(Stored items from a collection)
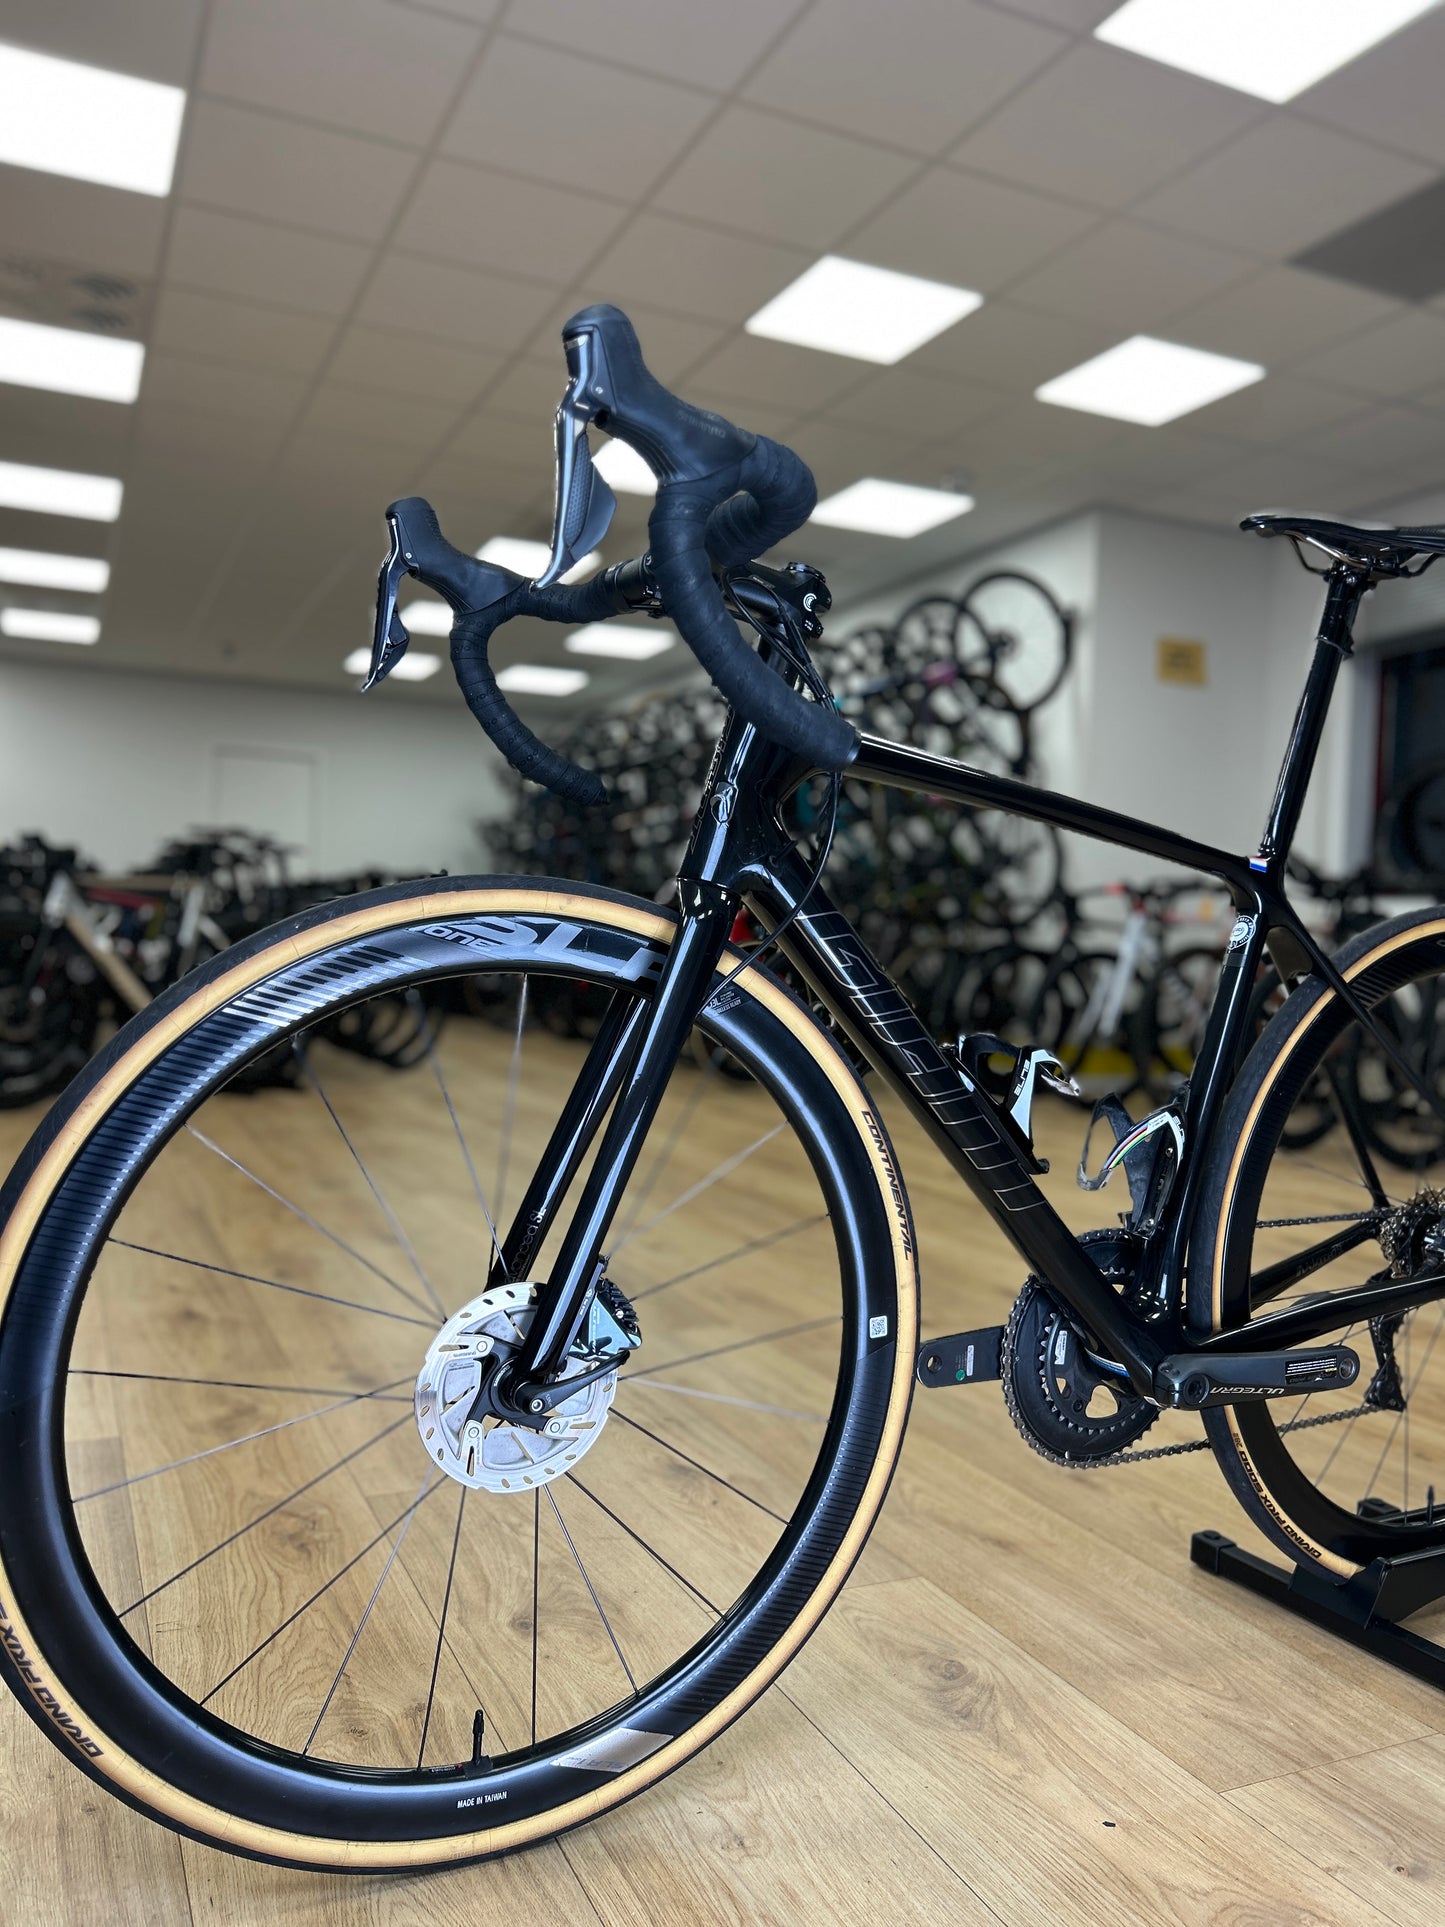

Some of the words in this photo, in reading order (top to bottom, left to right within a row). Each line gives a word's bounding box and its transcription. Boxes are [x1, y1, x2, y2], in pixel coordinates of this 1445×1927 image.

[793, 911, 1047, 1212] GIANT
[861, 1110, 912, 1261] CONTINENTAL
[529, 1207, 547, 1224] SL
[1210, 1386, 1286, 1395] ULTEGRA
[1239, 1450, 1264, 1494] 5000
[1260, 1493, 1286, 1526] PRIX
[1283, 1524, 1323, 1559] GRAND
[0, 1625, 42, 1684] PRIX
[33, 1687, 105, 1758] GRAND
[457, 1797, 475, 1809] MADE
[476, 1796, 483, 1805] IN
[484, 1791, 508, 1803] TAIWAN

### Required action
From the first line to the last, repeat the records exactly, leaving out the pictures.

### Response to the task
Some of the words in this photo, in reading order (top to bottom, left to right within a row). Each line gives a word's bounding box and its transcription. Boxes are [x1, y1, x2, y2], in pixel coordinates of this 1445×1927 image.

[793, 911, 1047, 1212] GIANT
[861, 1110, 912, 1261] CONTINENTAL
[529, 1207, 547, 1224] SL
[1210, 1386, 1286, 1395] ULTEGRA
[1239, 1450, 1264, 1494] 5000
[1260, 1493, 1286, 1526] PRIX
[1283, 1524, 1323, 1559] GRAND
[0, 1625, 42, 1684] PRIX
[33, 1687, 105, 1758] GRAND
[457, 1797, 475, 1809] MADE
[476, 1796, 483, 1805] IN
[484, 1791, 508, 1803] TAIWAN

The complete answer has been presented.